Mond, Space Shuttle Discovery

Vollmond, Space Shuttle Discovery

Die Erdrotation verliert langfristig aufgrund der Gezeitenbremsung durch den Mond an Kraft. Physikalisch findet eine Übertragung von Drehimpuls und Rotationsenergie von der Erde auf den Erdbegleiters statt. Durch Ebbe und Flut dreht sich die Erde auf lange Sicht langsamer während sich der Mond weiter von seinem Mutterkörper entfernt. Aus dem System der UT1 wird die Sekunde gegenüber der unbeeinflussten TAI über die Jahre länger. Da die „Bürgerliche Zeit“ in den Zeitzonen der Erde über die TAI umgerechnet wird, geht damit langsam aber sicher auch die UTC gegenüber der UT1 vor. Um den Menschen ihre gewohnten Verhältnisse zu erhalten, wird daher der UTC nach Entscheidung des International Earth Rotation and Reference Systems Service (IERS) eine Schaltsekunde eingefügt, wenn der Unterschied zwischen UTC und UT1 über 0,9 Sekunden anzuwachsen droht.

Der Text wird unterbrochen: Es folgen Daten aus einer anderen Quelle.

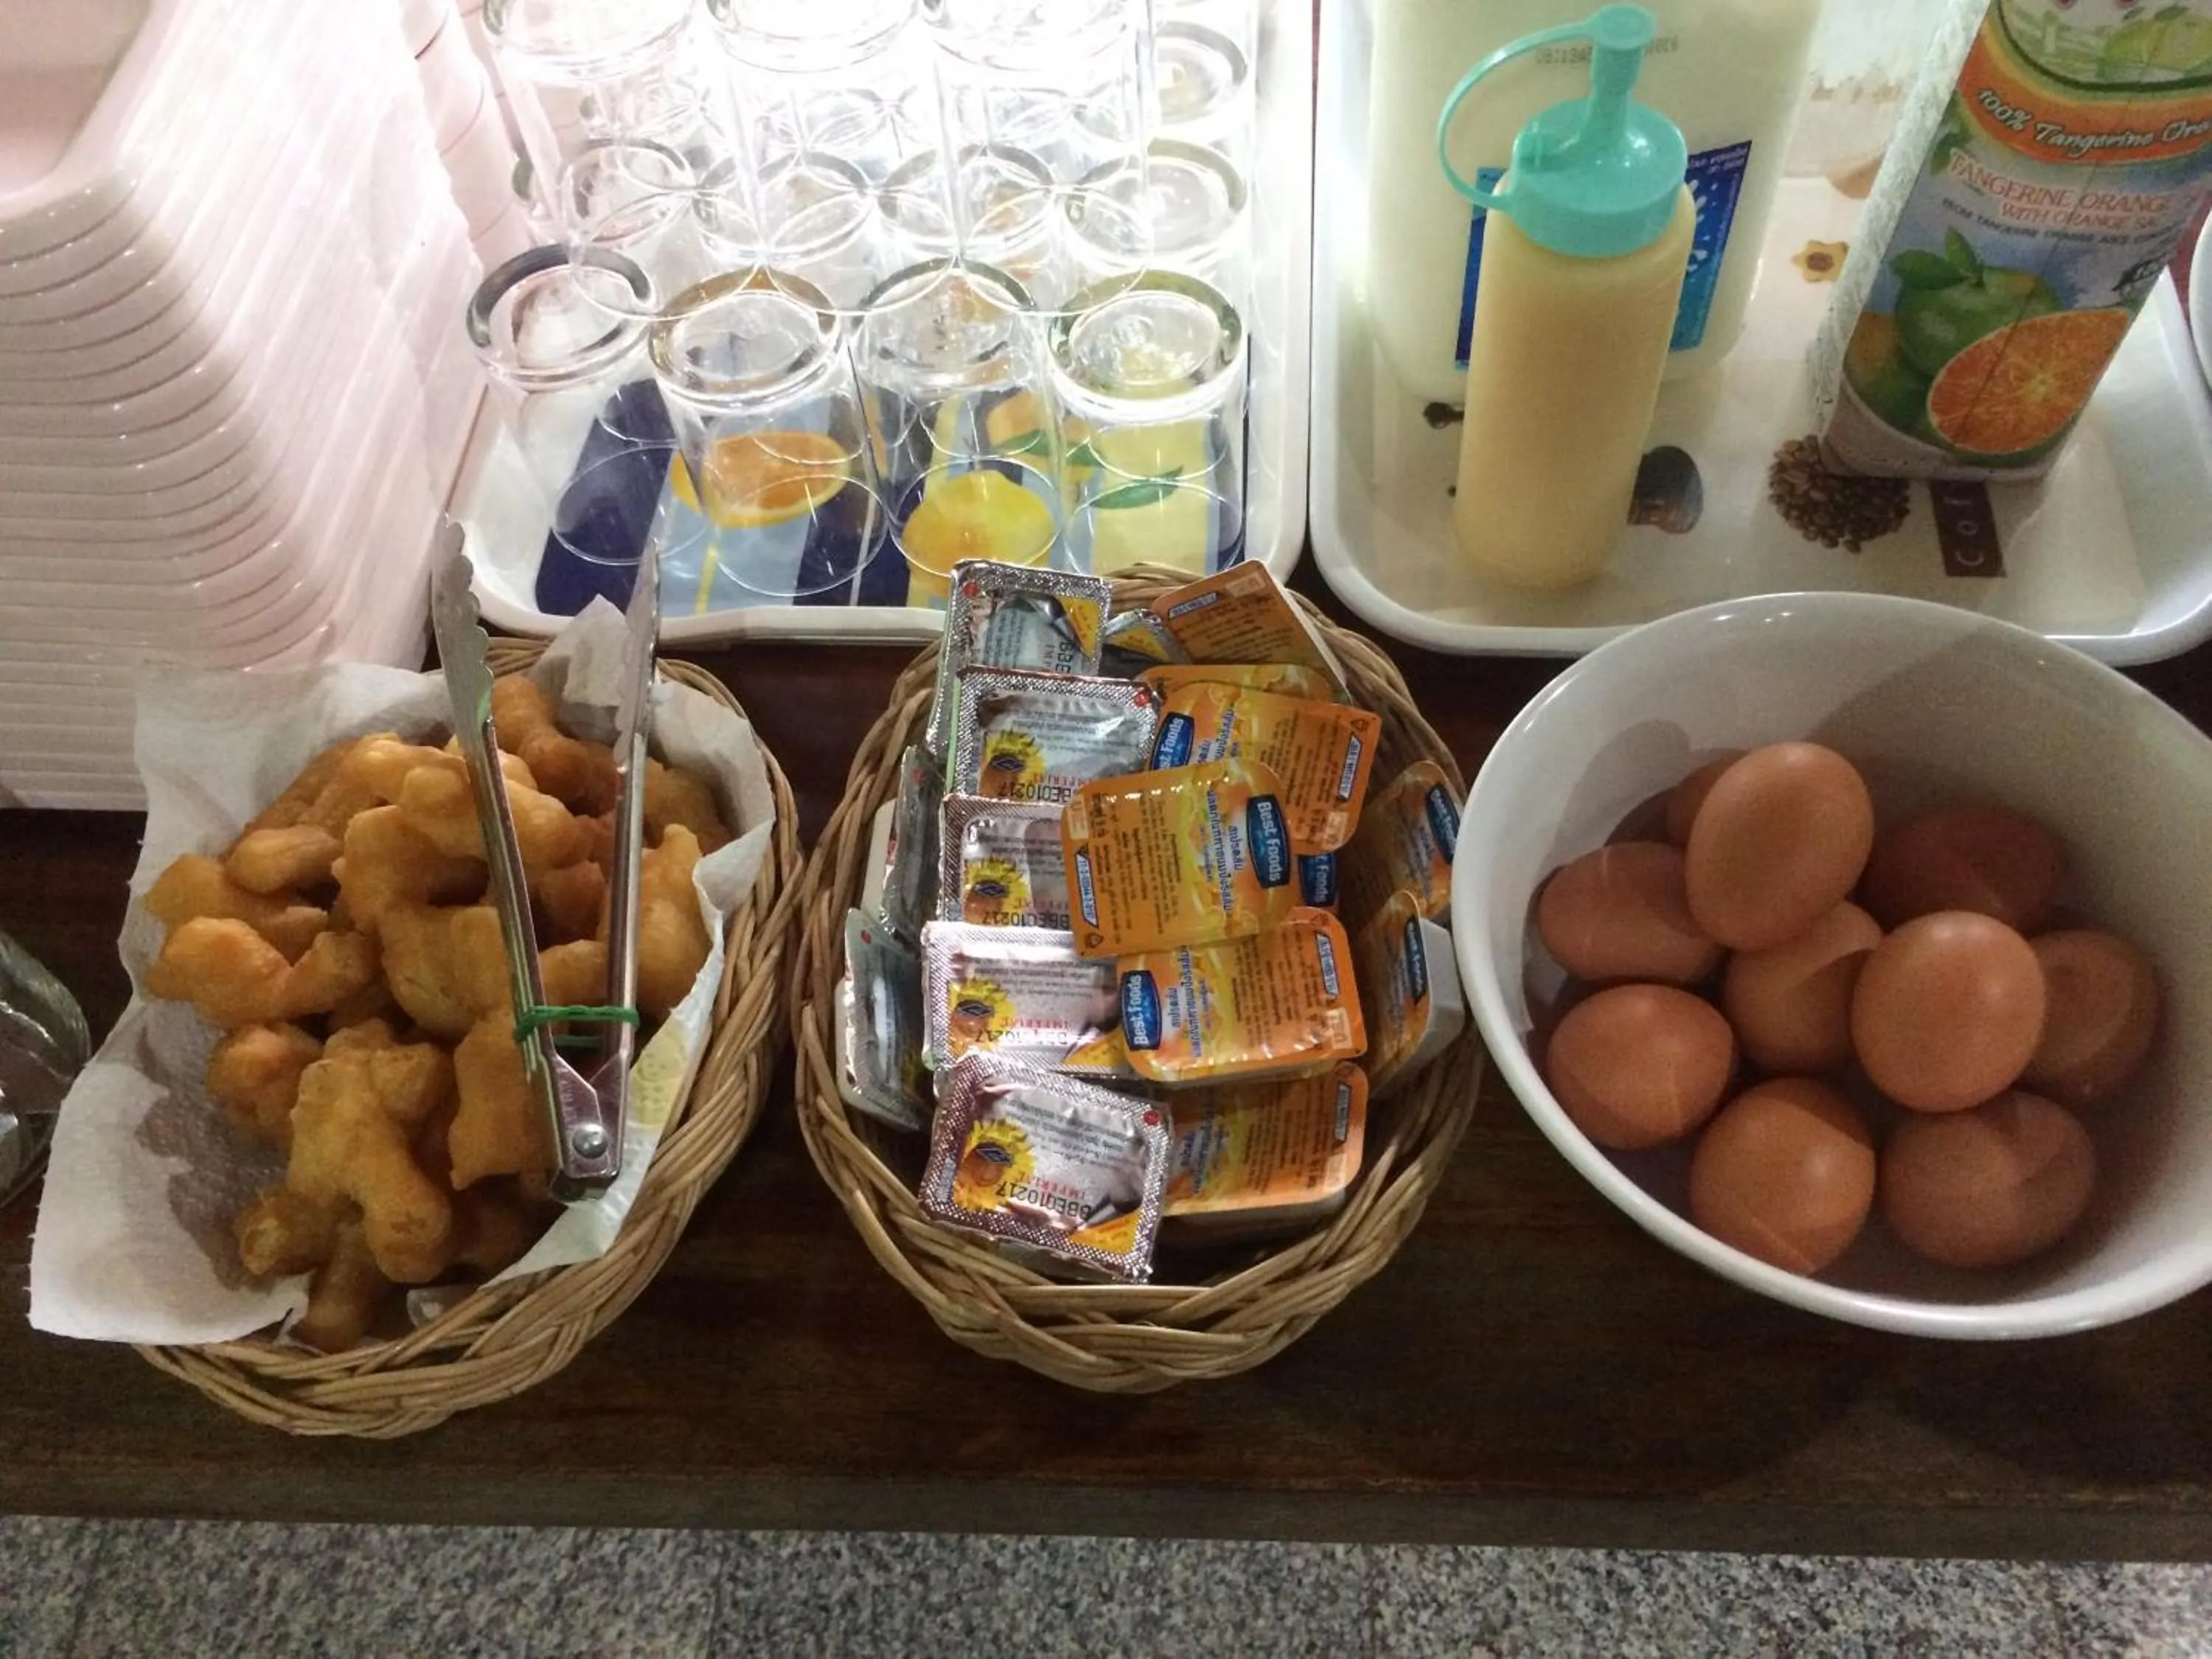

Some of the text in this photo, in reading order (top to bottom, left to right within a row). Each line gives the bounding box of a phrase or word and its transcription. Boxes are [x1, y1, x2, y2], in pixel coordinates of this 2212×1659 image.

[1978, 88, 2034, 133] 100%
[2034, 122, 2154, 160] Tangerine
[1950, 153, 2076, 209] TANGERINE
[2001, 201, 2050, 223] WITH
[2053, 210, 2127, 229] ORANGE
[1158, 717, 1184, 754] Foods
[998, 781, 1075, 804] BE010217
[1256, 801, 1283, 882] Best Foods
[1125, 974, 1150, 1046] Best Foods
[995, 1180, 1091, 1222] BBE010217

Zwei Jahre in Folge wird die Schaltsekunde jetzt ausgesetzt. Warum ist das so? Dem langfristigen Trend der Abbremsung der Erdrotation überlagern sich kurzfristige Effekte, die mit der physikalischen Beschaffenheit der Erde und singulären Ereignissen innerhalb dieses dynamischen Systems zusammenhängen. Man kann sich das sehr anschaulich vorstellen, wenn man ein rohes Ei in Rotation versetzt. Die Erde, weit entfernt davon, eine perfekte starre Kugel zu sein, erfährt chaotisch Unwuchten, die aus internen Masse- und Materialverteilungen resultieren. Spezifische zeitliche Konfigurationen von Erdkern, Erdmantel und Erdkruste, Ungleichgewichte von Feuchtigkeit und Luftmassen in der Atmosphäre, seismische Aktivitäten, aber selbst menschliche Einflüsse wie das Fluten von gigantischen Stauseen haben kurzfristige Effekte auf die Erdrotation. Diese Einflüsse sind naturbedingt kaum vorauszuberechnen. Und deshalb müssen wir auch dieses Silvester wieder auf eine Schaltsekunde verzichten. Die Erde hat sich schneller gedreht als gedacht.

Auf unterhaltsame Weise haben das die ScienceBusters Heinz Oberhummer und Martin Puntigam, die Kommunikatoren des Jahres 2010, in ihrem Silvesterclip dargestellt. Dieser und andere Aktivitäten der Science Busters werden seit neuestem übrigens durch die Kapsch Gruppe, einen österreichischen Konzern der Telekommunikations- und Verkehrstelematikbranche, promotet.

Im Silvesterclip, der als Einstimmung für das Silvester-Special im Wiener Rabenhof Theater geeignet ist, zeigt Science Buster Werner Gruber auch eindringlich, warum es keine gute Idee ist, einen angeriebenen Schweizer Kracher entschärfen zu wollen.

In diesem Sinne, guten Rutsch. Und einen guten Start ins neue Jahr.